I’ve tried to do as you said and break down my task into smaller steps, but maybe I was doing it wrong because I just ended up feeling more overwhelmed. I would list out the tasks that I need to do, and then assign them to each day before making a schedule. But it just makes me realize how little time I actually have and that many of my deadlines are almost on top of each other. How do you break down tasks and make it feel more manageable instead of being more conscious of how much you actually have to do?

The suggestion to do something enjoyable does actually sound good, and it has worked sometimes in the past, but most of the time I would have a hard time arranging my own feelings and thoughts to actually rest during the break, and I would just be more anxious and freeze, as in I can’t go back to my task anymore. Is this normal? What should I do about this?

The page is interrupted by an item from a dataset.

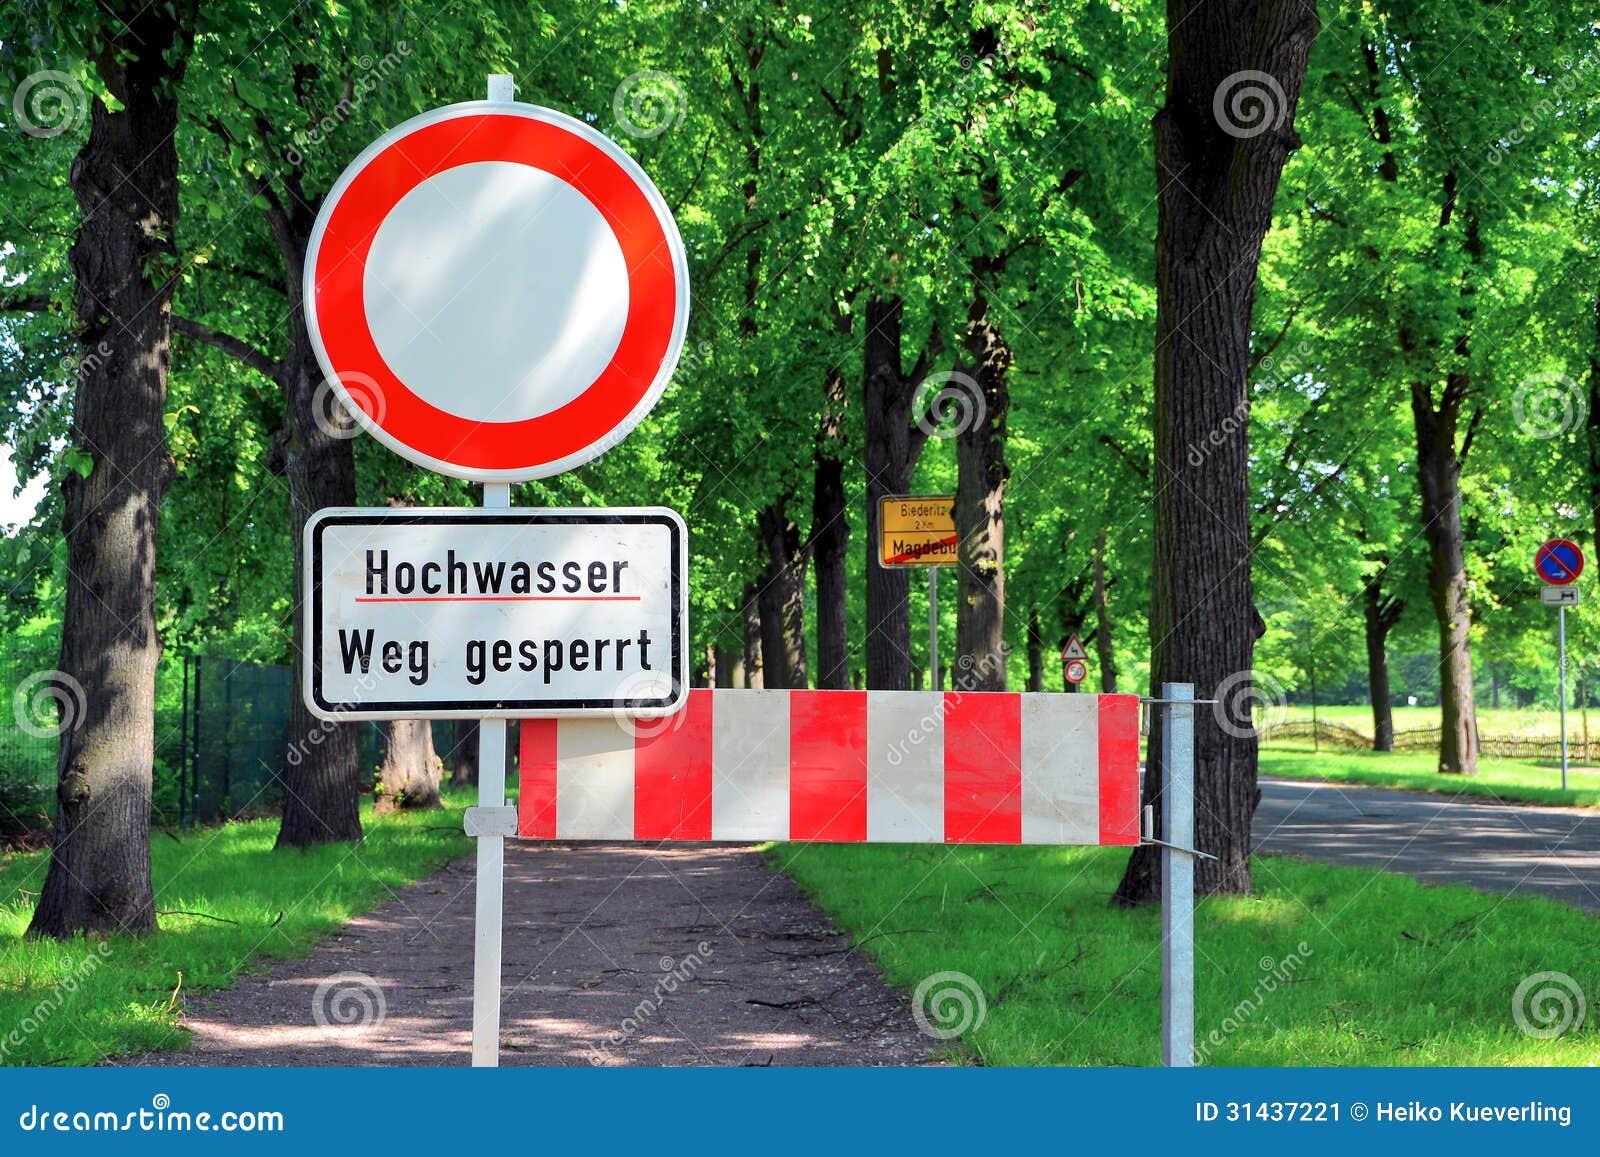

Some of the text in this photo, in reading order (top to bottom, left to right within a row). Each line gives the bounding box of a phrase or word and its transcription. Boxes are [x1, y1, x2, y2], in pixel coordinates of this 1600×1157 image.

And about the school counselor, my school only has a college counselor as in to help us for university admissions, instead of a guidance counselor, which you might be referring to…?
I’ve wanted to consult with my teachers for a long time though, but I never worked up the courage because I know they would be obligated to notify my parents about the things I say. And I just haven’t met any teachers or adults that I felt safe enough to consult with yet. I’m afraid of opening up to my friends and such because while I’ve done so in the past, their words bothered me more than help me, which I don’t really blame them for because they must not really know what to do either, and maybe I’m just too sensitive sometimes.

Thank you for your supportive words :‘’
I hope you’re alright as well because it sounds like you relate to some of my experiences

I don’t have a school counsellor, but I’ve never considered a social service agency. I’m not sure how to acess them, and I don’t really know what they do, but thank you for the suggestion

thank you for your concern, i am doing better after leaving school, you’re really kind :slight_smile:

some family service centres provide counselling and support services! services like CHAT and REACH can also help connect you to the services you need (though some may need parental consent im not too sure)

when you say you don’t have a school counsellor, does your school not have one at all? are there any teachers you are close to that you would consider talking to?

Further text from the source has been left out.